TASK PROMPT: Return the listing below verbatim. Pictures do not belong in the copy.
○ ○ ○ ○
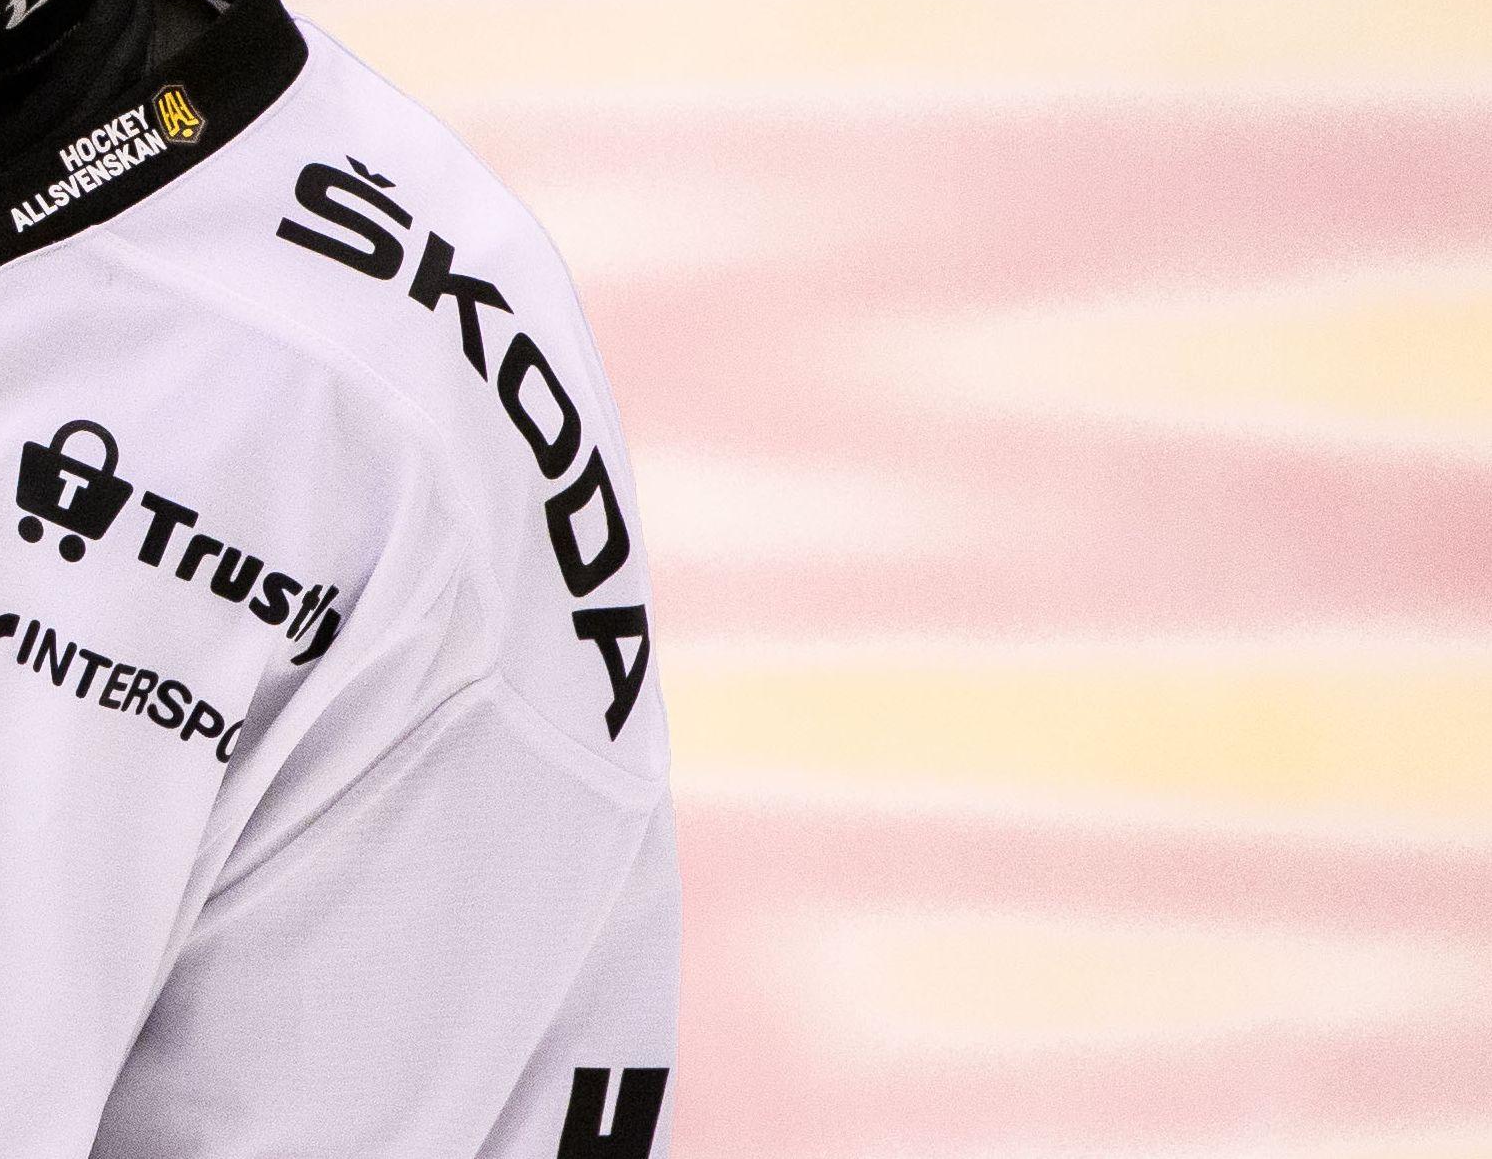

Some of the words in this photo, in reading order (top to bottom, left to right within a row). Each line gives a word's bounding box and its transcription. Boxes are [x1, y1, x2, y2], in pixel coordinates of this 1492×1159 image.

[9, 128, 168, 233] ALLSVENSKAN
[59, 104, 149, 172] HOCKEY
[275, 154, 650, 742] ŠKODA
[137, 490, 342, 666] Trustly
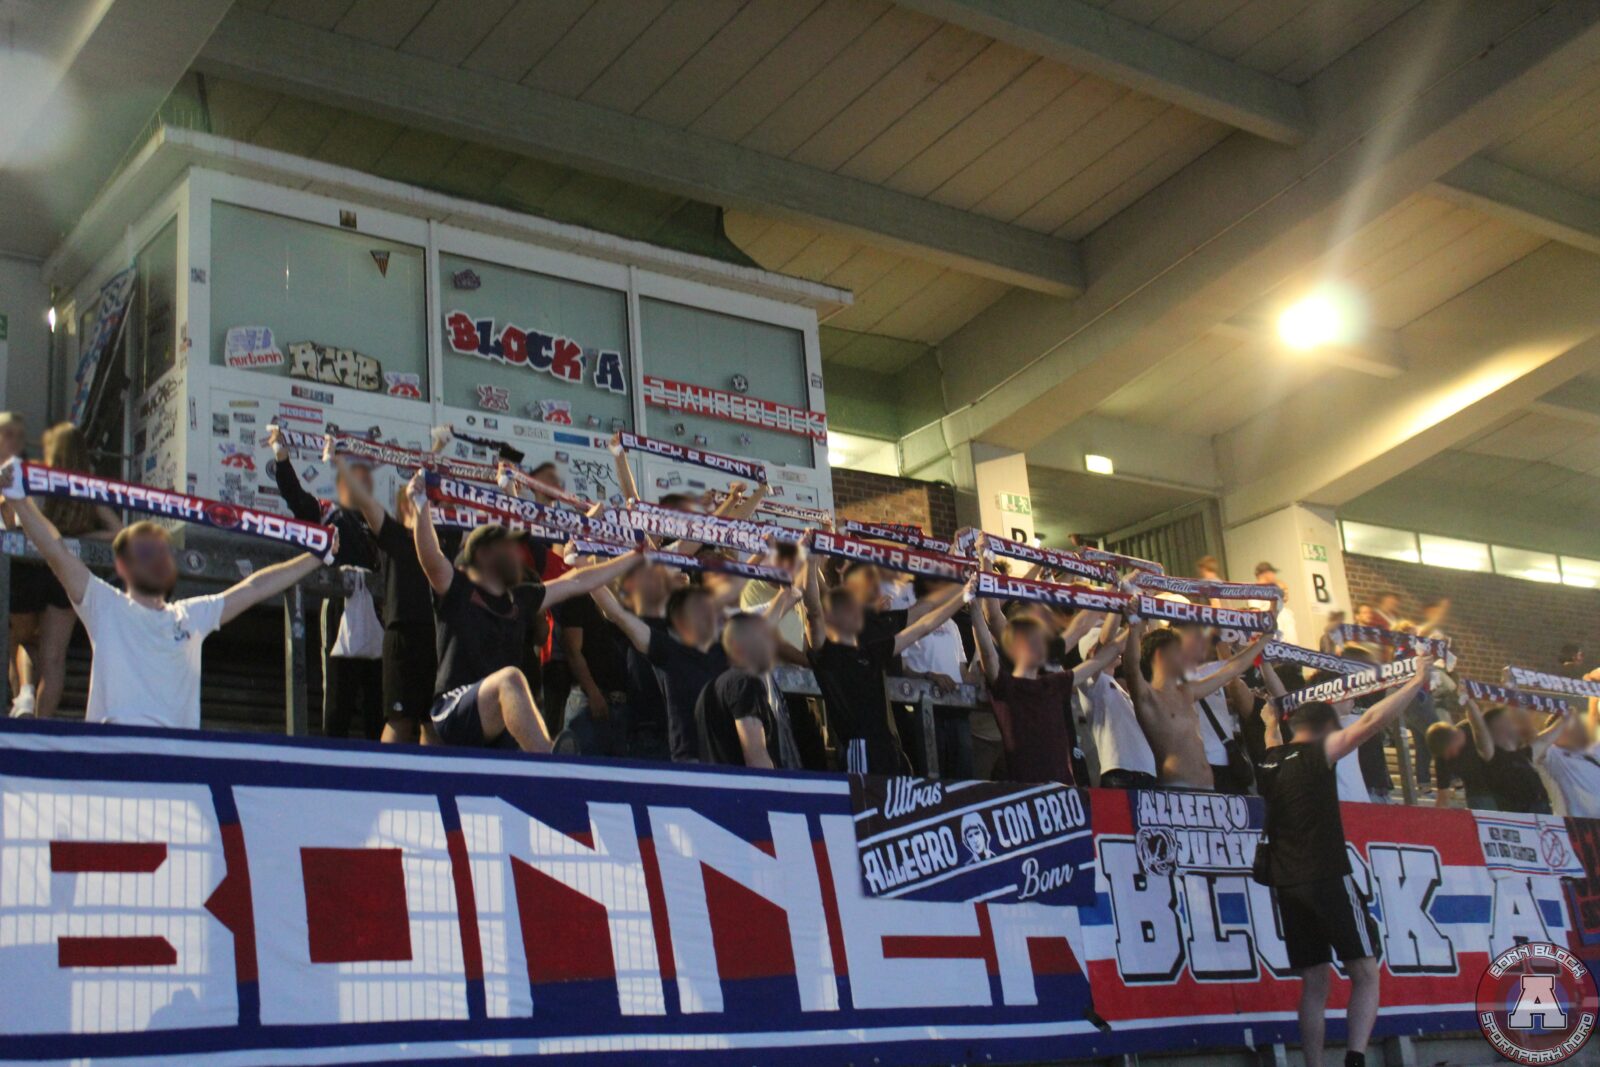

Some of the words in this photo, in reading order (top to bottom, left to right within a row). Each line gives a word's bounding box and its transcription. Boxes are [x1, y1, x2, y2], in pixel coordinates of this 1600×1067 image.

[446, 311, 583, 383] BLOCK
[594, 351, 627, 395] A
[28, 468, 203, 521] SPORTPARK
[242, 511, 328, 552] NORD
[440, 478, 539, 520] ALLEGRO
[815, 534, 884, 564] BLOCK
[1312, 573, 1328, 603] B
[1142, 597, 1198, 621] BLOCK
[1217, 611, 1259, 628] BONN
[884, 776, 943, 819] Ultras
[1139, 790, 1249, 835] ALLEGRO
[862, 825, 958, 893] ALLEGRO
[992, 801, 1035, 848] CON
[1034, 788, 1086, 836] BRIO
[1018, 857, 1074, 900] Bonn
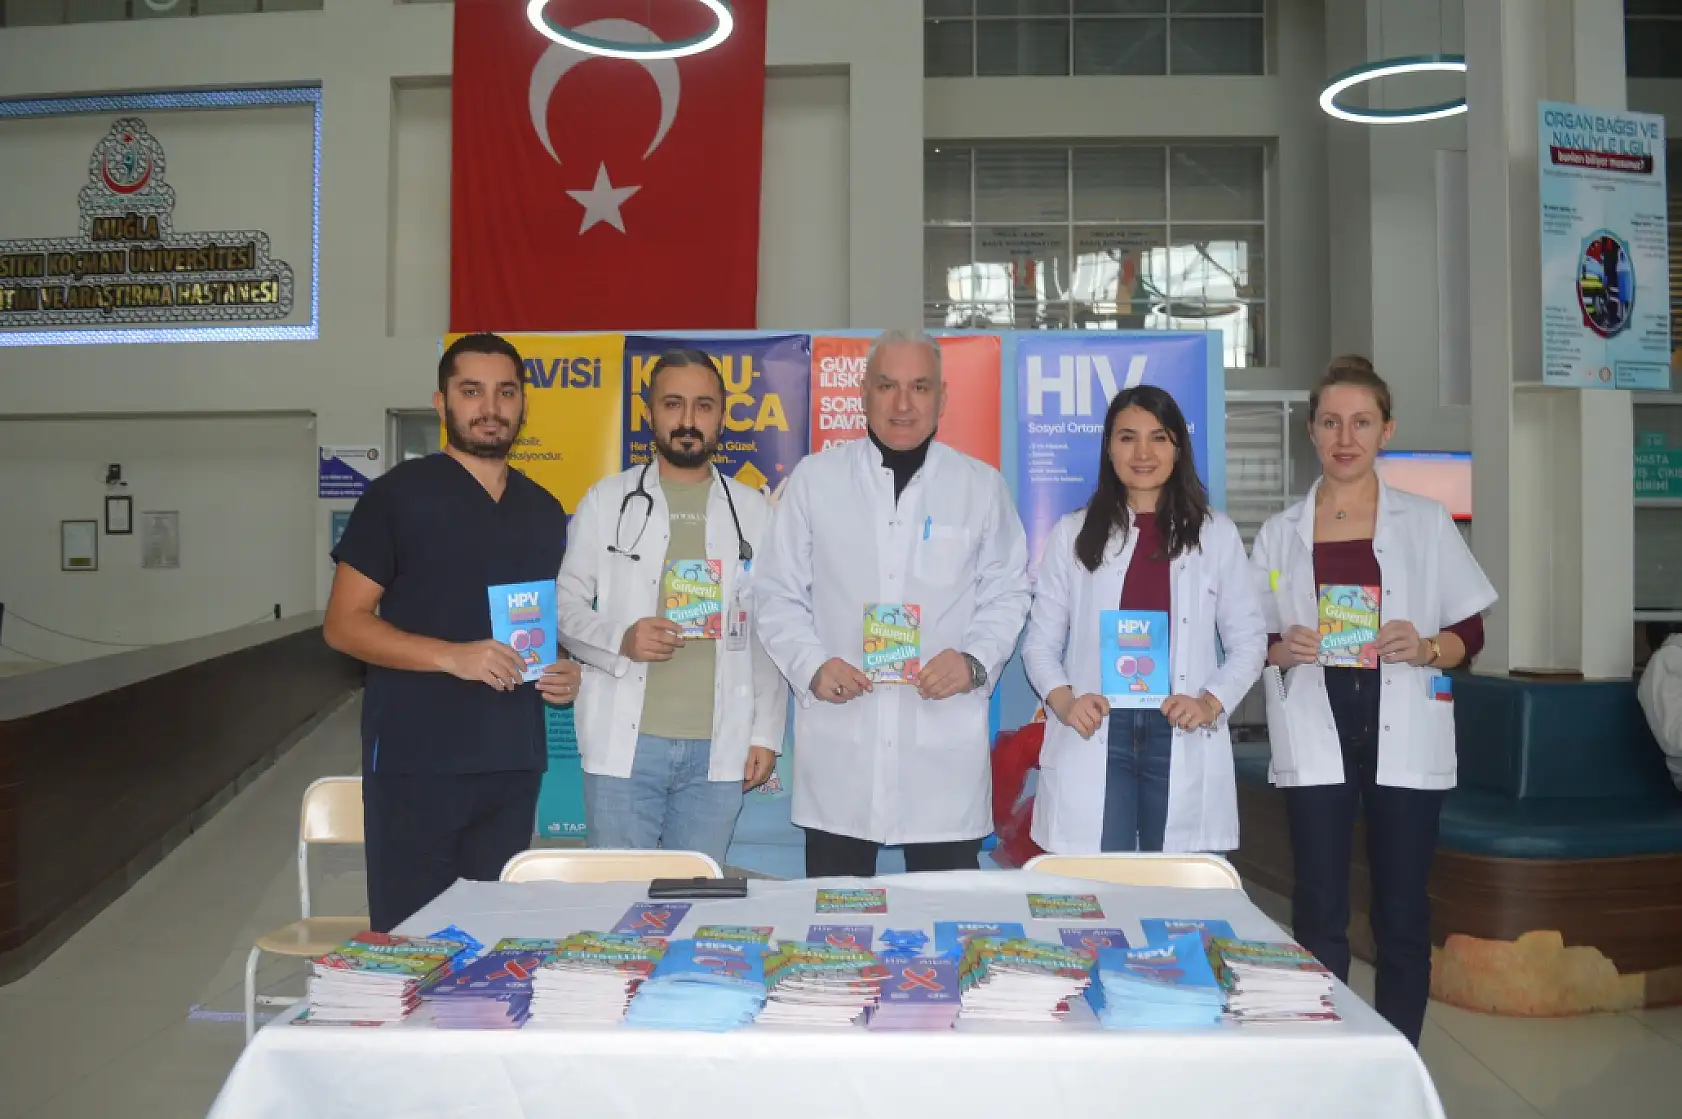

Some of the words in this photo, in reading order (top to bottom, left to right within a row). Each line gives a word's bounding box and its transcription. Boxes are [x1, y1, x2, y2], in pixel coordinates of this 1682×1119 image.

[1544, 110, 1593, 131] ORGAN
[1640, 121, 1658, 139] VE
[93, 212, 160, 241] MUĞLA
[128, 242, 254, 272] ÜNİVERSİTESİ
[176, 274, 279, 305] HASTANESİ
[1026, 355, 1148, 416] HIV
[1028, 422, 1066, 436] Sosyal
[671, 578, 717, 599] Güvenli
[508, 591, 539, 609] HPV
[669, 601, 719, 622] Cinsellik
[1325, 604, 1373, 628] Güvenli
[870, 622, 915, 643] Güvenli
[1118, 619, 1151, 635] HPV
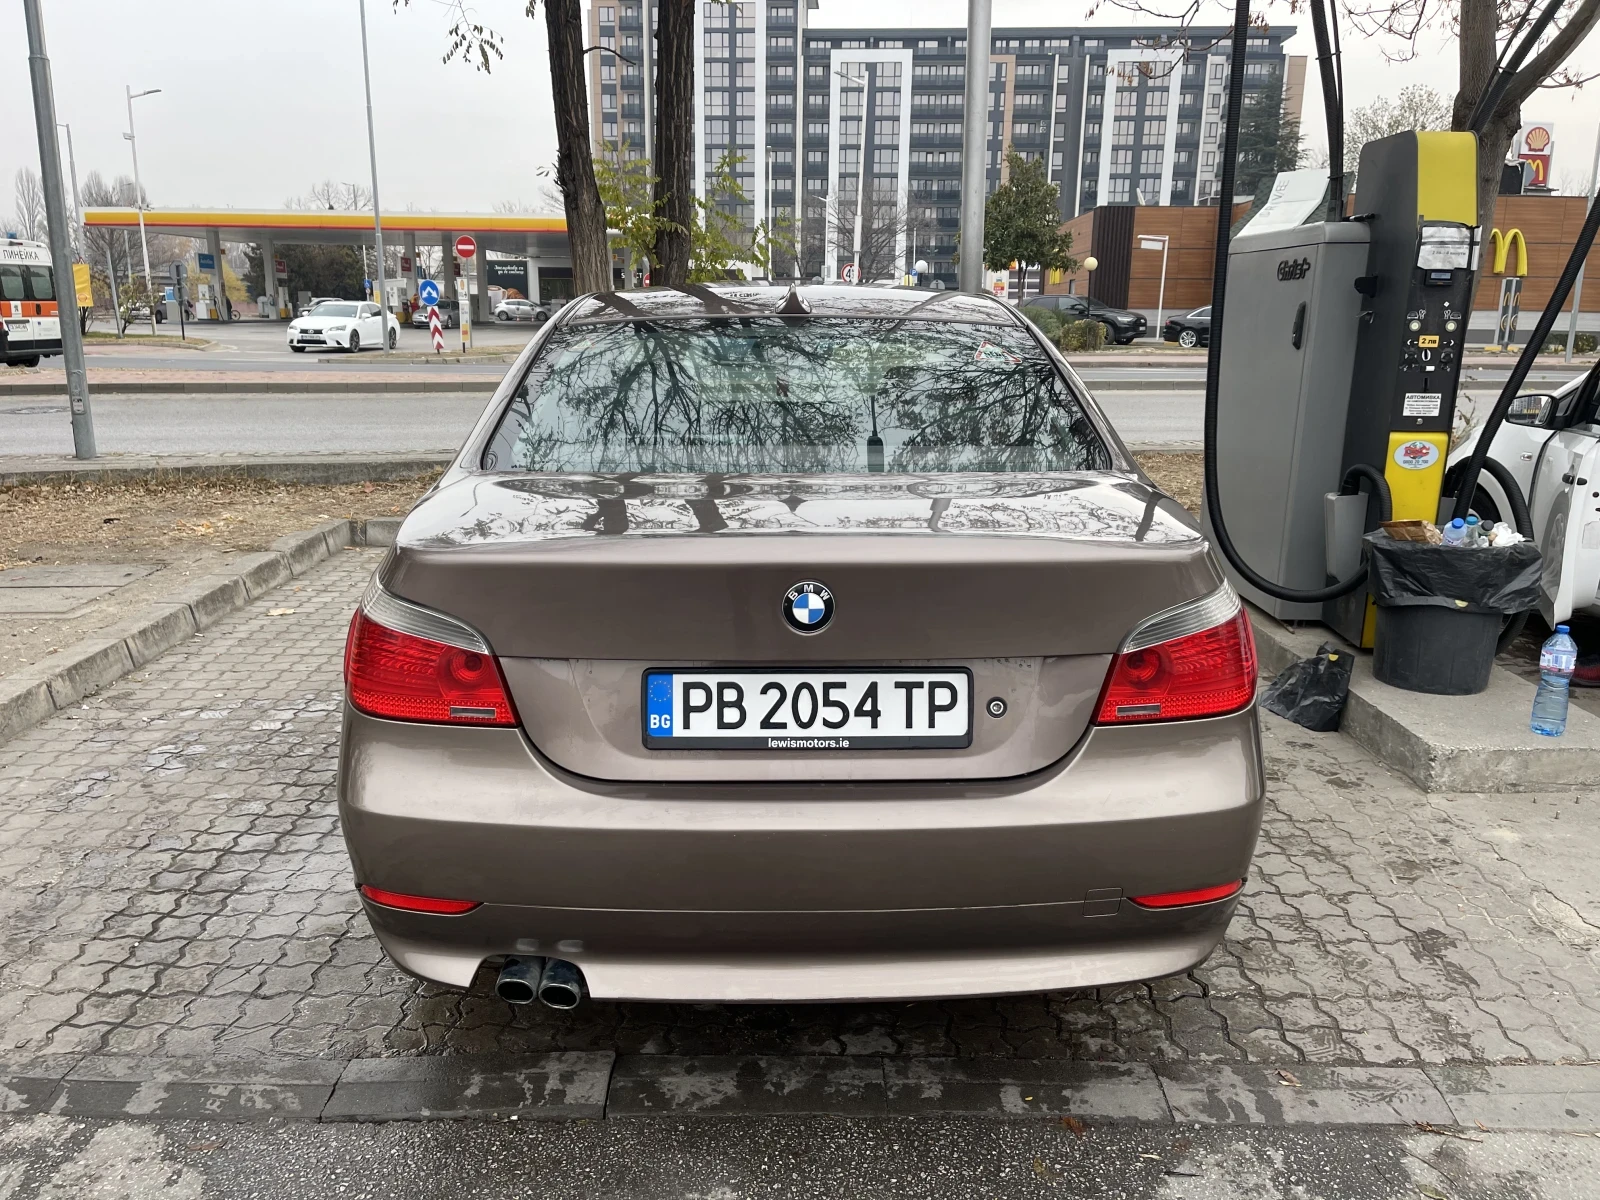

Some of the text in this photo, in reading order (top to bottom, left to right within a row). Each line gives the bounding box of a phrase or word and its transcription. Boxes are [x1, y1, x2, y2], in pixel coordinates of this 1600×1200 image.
○ ○ ○ ○
RESPONSE TO THE EXERCISE:
Some of the words in this photo, in reading order (top to bottom, left to right within a row). Each line gives a word's bounding box and its transcription. Boxes are [x1, y1, x2, y2], in pixel coordinates of this 1492×1159 image.

[9, 128, 168, 233] ALLSVENSKAN
[59, 104, 149, 172] HOCKEY
[275, 154, 650, 742] ŠKODA
[137, 490, 342, 666] Trustly

Some of the words in this photo, in reading order (top to bottom, left to right within a row). Each line gives a word's bounding box and its transcription. Boxes are [x1, y1, x2, y2], in pixel coordinates of this 1600×1067 image.

[446, 311, 583, 383] BLOCK
[594, 351, 627, 395] A
[28, 468, 203, 521] SPORTPARK
[242, 511, 328, 552] NORD
[440, 478, 539, 520] ALLEGRO
[815, 534, 884, 564] BLOCK
[1312, 573, 1328, 603] B
[1142, 597, 1198, 621] BLOCK
[1217, 611, 1259, 628] BONN
[884, 776, 943, 819] Ultras
[1139, 790, 1249, 835] ALLEGRO
[862, 825, 958, 893] ALLEGRO
[992, 801, 1035, 848] CON
[1034, 788, 1086, 836] BRIO
[1018, 857, 1074, 900] Bonn

Some of the words in this photo, in reading order (top to bottom, left to right within a row). Each line gives a word's bounding box and its transcription. Boxes are [x1, y1, x2, y2], in pixel coordinates of this 1682×1119 image.

[1544, 110, 1593, 131] ORGAN
[1640, 121, 1658, 139] VE
[93, 212, 160, 241] MUĞLA
[128, 242, 254, 272] ÜNİVERSİTESİ
[176, 274, 279, 305] HASTANESİ
[1026, 355, 1148, 416] HIV
[1028, 422, 1066, 436] Sosyal
[671, 578, 717, 599] Güvenli
[508, 591, 539, 609] HPV
[669, 601, 719, 622] Cinsellik
[1325, 604, 1373, 628] Güvenli
[870, 622, 915, 643] Güvenli
[1118, 619, 1151, 635] HPV

Some of the text in this photo, in reading order (top to bottom, left to right within a row). Each line gives the bounding box of a phrase or word and its transcription. Boxes are [x1, y1, x2, y2], in pixel coordinates of this 1600×1200 image.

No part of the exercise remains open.